I don’t like
chickens. I like to eat chicken meat but I don’t like them alive. Unfortunately, if I ever want to have another
buffalo chicken wrap (oh how I miss those), the bird’s continued living
existence is necessary. These past
statements may upset poultry activists but at this point in my journey in
Paraguay, I don’t care. I don’t like
them (chickens, not poultry activists).
Perhaps my position will be more
sympathetic with anecdotal support. I
moved to my home site on April 24th.
On the morning of April 25th, I awoke due to a strange
sensation on my chest: a ten-week old chicken was walking across my body. I feel fortunate that the chicken chose my
chest and not my face as its runway. Apparently,
the wooden room where I am staying has several openings under the door and in
the corners where small, yet determined chickens can wriggle themselves in
order to force entry into my room.
My first two weeks in site have had two
marked themes: awkwardness and chickens.
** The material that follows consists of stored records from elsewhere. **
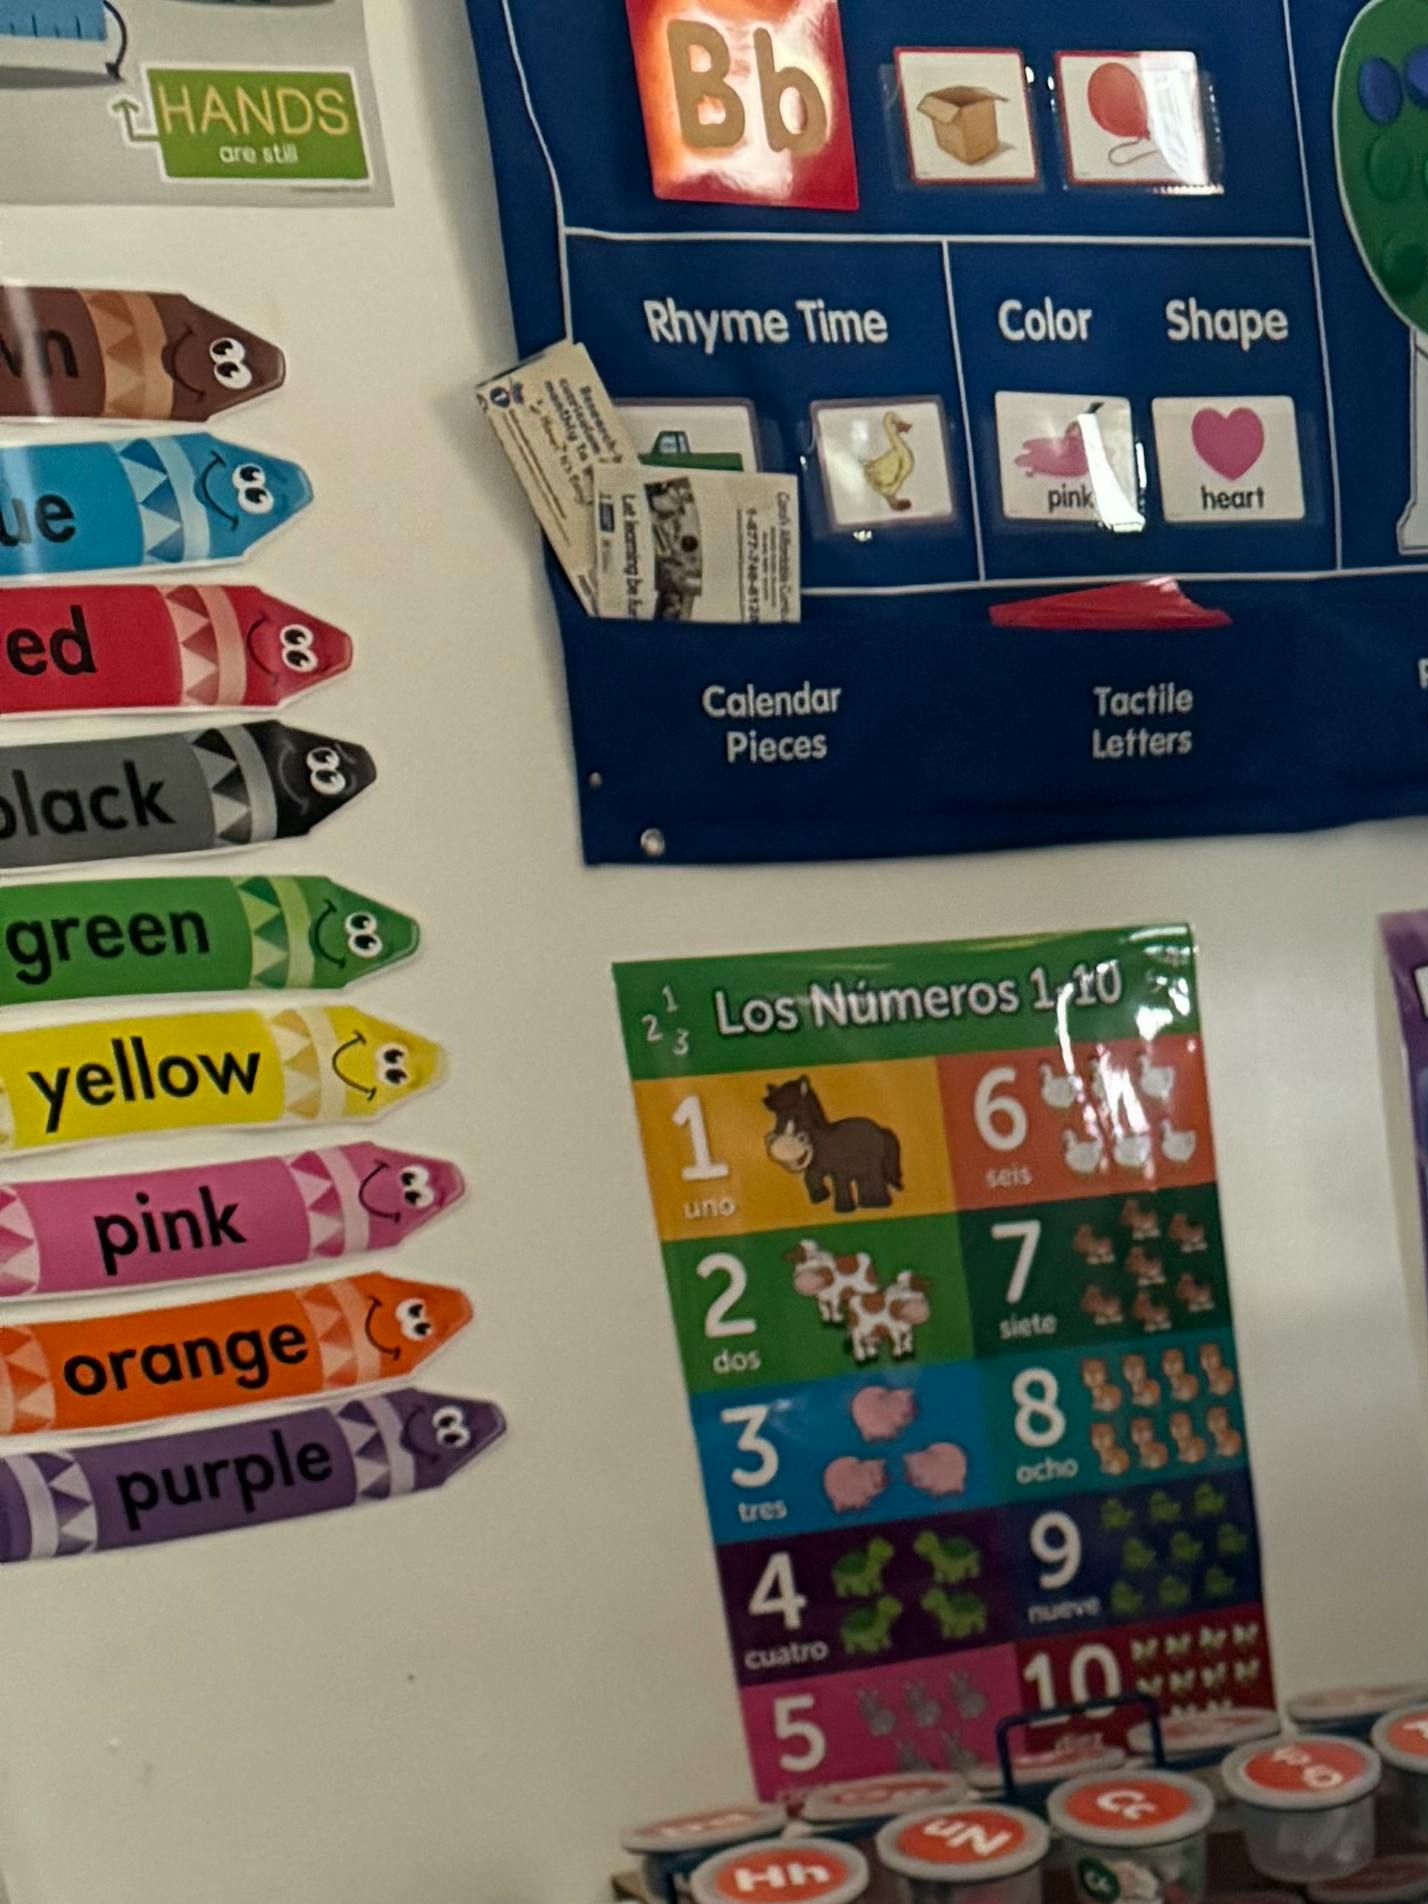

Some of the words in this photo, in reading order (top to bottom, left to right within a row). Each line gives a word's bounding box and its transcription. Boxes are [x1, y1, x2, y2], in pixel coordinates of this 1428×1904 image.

[158, 85, 350, 135] HANDS
[666, 19, 827, 154] Bb
[219, 147, 256, 164] are
[263, 144, 298, 163] still
[645, 300, 790, 354] Rhyme
[803, 300, 888, 344] Time
[998, 300, 1093, 344] Color
[1166, 300, 1289, 351] Shape
[1201, 485, 1265, 510] heart
[5, 606, 97, 677] ed
[703, 684, 842, 720] Calendar
[1093, 682, 1194, 718] Tactile
[728, 731, 827, 763] Pieces
[1091, 725, 1192, 759] Letters
[6, 906, 211, 985] green
[641, 1013, 663, 1042] 2
[716, 989, 797, 1038] Los
[810, 974, 1020, 1030] Números
[673, 1028, 690, 1057] 3
[28, 1037, 262, 1134] yellow
[973, 1066, 1028, 1152] 6
[671, 1094, 729, 1182] 1
[984, 1160, 1032, 1188] seis
[93, 1185, 247, 1276] pink
[682, 1193, 737, 1220] uno
[990, 1219, 1043, 1305] 7
[695, 1252, 757, 1339] 2
[999, 1308, 1058, 1339] siete
[63, 1317, 311, 1394] orange
[713, 1346, 762, 1375] dos
[1012, 1367, 1067, 1449] 8
[720, 1404, 780, 1489] 3
[1016, 1451, 1079, 1484] ocho
[115, 1431, 335, 1531] purple
[738, 1498, 788, 1522] tres
[1029, 1511, 1082, 1589] 9
[745, 1552, 807, 1629] 4
[1027, 1592, 1100, 1623] nueve
[744, 1638, 829, 1671] cuatro
[1023, 1645, 1122, 1726] 10
[774, 1694, 826, 1774] 5
[1096, 1789, 1158, 1821] Cc
[923, 1818, 1013, 1857] Nn
[733, 1863, 830, 1892] Hh
I expected them both but not to the
extent to which I have been confronted with them in almost all possible
situations. For the chickens, I have had
my feet mistaken for food (not as painful as it sounds), watched a possibly
demented chicken run sideways into a fence to escape imagined pursuers, seen a
chicken get its head cut off but not run afterwards, fought a constant battle
with a flock (is that the word?) of young chickens that runs into my room every
time the door is open and then runs further into my room instead of out the
door when I try to chase them out, had to avoid chicken feces every place I sit
(inside and out), watched young chickens use my bags as trampolines as they
bounced between the two while avoiding my waving arms andI have been scared to
the point of screaming when a full grown chicken jumped into my room through the
open window that is four feet off the ground. It also doesn’t help my position that before I
moved to Paraguay I had never found this particular type of foul to be
endearing. Now, I really don’t like them.
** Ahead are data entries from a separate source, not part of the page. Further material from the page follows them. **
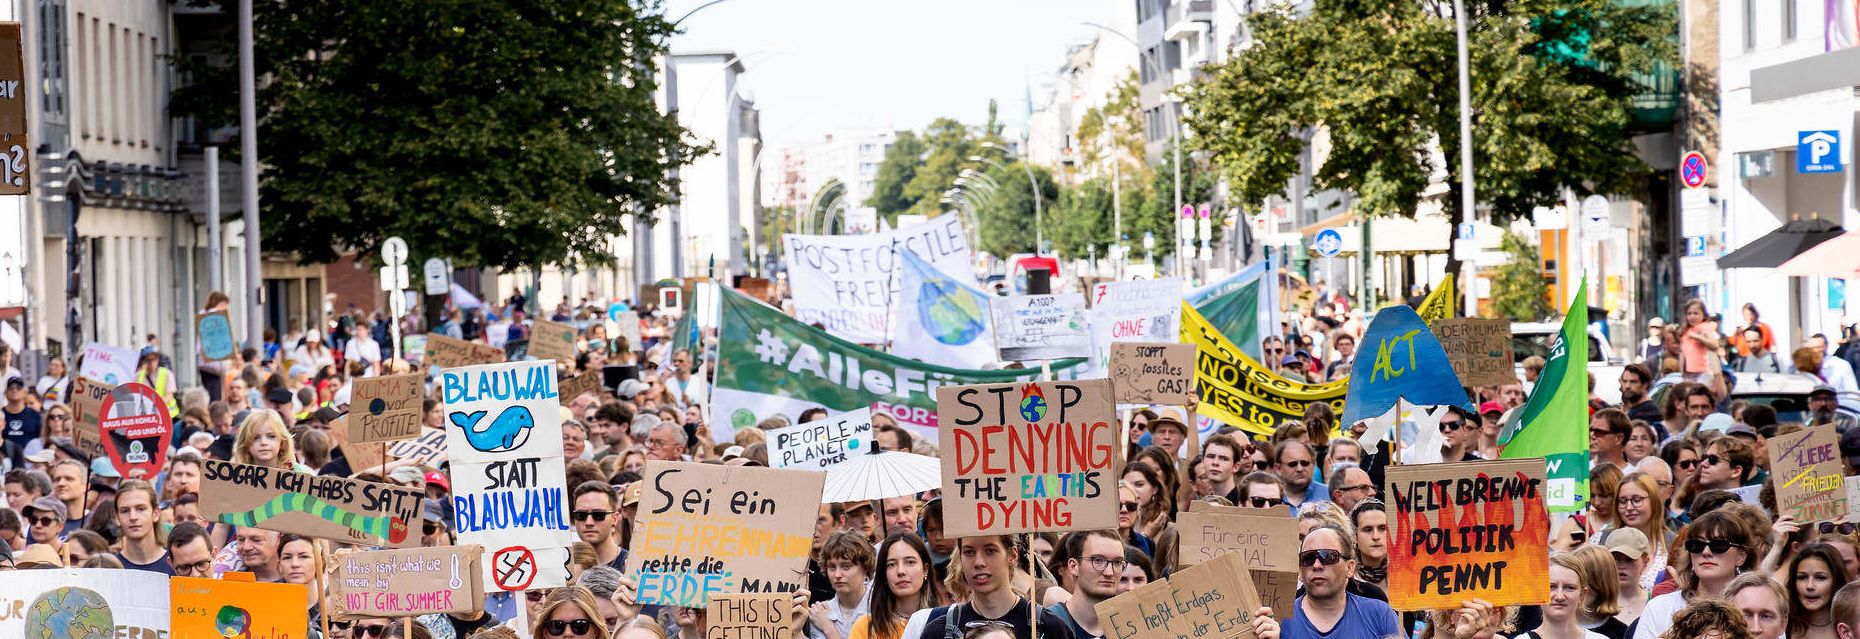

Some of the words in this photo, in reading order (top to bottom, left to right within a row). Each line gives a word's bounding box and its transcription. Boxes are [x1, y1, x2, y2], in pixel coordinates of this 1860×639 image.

[1096, 284, 1107, 304] 7
[1112, 319, 1146, 338] OHNE
[1135, 346, 1166, 358] STOPPT
[1370, 329, 1421, 384] ACT
[1142, 363, 1182, 376] fossiles
[1200, 353, 1239, 387] NO
[355, 379, 401, 400] KLIMA
[443, 365, 558, 405] BLAUWAL
[1157, 379, 1190, 396] GAS!
[386, 398, 411, 411] vor
[954, 382, 1082, 426] STOP
[1200, 379, 1244, 416] YES
[1249, 407, 1275, 428] to
[360, 413, 417, 441] PROFITE
[777, 421, 851, 450] PEOPLE
[854, 422, 871, 434] AND
[783, 438, 847, 467] PLANET
[820, 453, 848, 468] OVER
[953, 421, 1112, 476] DENYING
[1797, 443, 1836, 468] LIEBE
[204, 460, 268, 489] SOGAR
[275, 471, 304, 493] ICH
[308, 477, 356, 503] HAB'S
[484, 457, 541, 491] STATT
[955, 477, 1007, 501] THE
[1021, 468, 1101, 499] EARTH'S
[652, 469, 712, 515] Sei
[730, 491, 776, 515] ein
[1391, 479, 1453, 515] WELT
[1456, 477, 1541, 506] BRENNT
[454, 487, 569, 534] BLAUWAHL
[977, 498, 1072, 531] DYING
[1203, 525, 1231, 543] Für
[1237, 530, 1269, 546] eine
[1411, 524, 1515, 556] POLITIK
[346, 557, 371, 575] this
[376, 555, 398, 574] isn't
[399, 555, 424, 573] what
[426, 558, 441, 571] we
[641, 554, 692, 574] rette
[697, 556, 724, 574] die
[1419, 561, 1507, 595] PENNT
[345, 579, 369, 588] mean
[376, 574, 389, 591] by
[636, 574, 723, 606] ERDE
[0, 598, 25, 621] ÜR
[177, 607, 207, 616] aus
[346, 591, 370, 611] HOT
[375, 591, 402, 611] GIRL
[405, 589, 453, 611] SUMMER
[713, 598, 758, 623] THIS
[767, 598, 782, 623] IS
[1110, 613, 1137, 639] Es
[1138, 602, 1174, 632] heißt
[1171, 587, 1225, 616] Erdgas,
[1193, 621, 1209, 637] der
[1213, 608, 1251, 632] Erde
As for the awkwardness, well that really is
worse than my chicken predicament but at least I was prepared for it. Before Peace Corps Paraguay, I spoke on the
phone with a Returned Peace Corps Volunteer whom was a Rural Health and
Sanitation Extensionist in Paraguay like I am now. When trying to explain what it feels like to
be a new volunteer, she gave me this analogy: ‘Imagine that a foreign exchange
student knocked on your door to introduce herself out of the blue and tell you
that she wanted to teach you about health and hygiene. You’re going to be that foreign exchange
student.’ During training, we were told
that we could put “expert in awkwardness” on our résumés at the end of
service.
What is so awkward about the experience of
moving to site and getting to know your community? Of course there is the language barrier that
has become a constant theme of both my blogs and my life. Then there’s the whole fact that I’m new to
town and I don’t look Paraguayan which results in children, adults and geriatrics
alike staring at me no matter what I’m doing.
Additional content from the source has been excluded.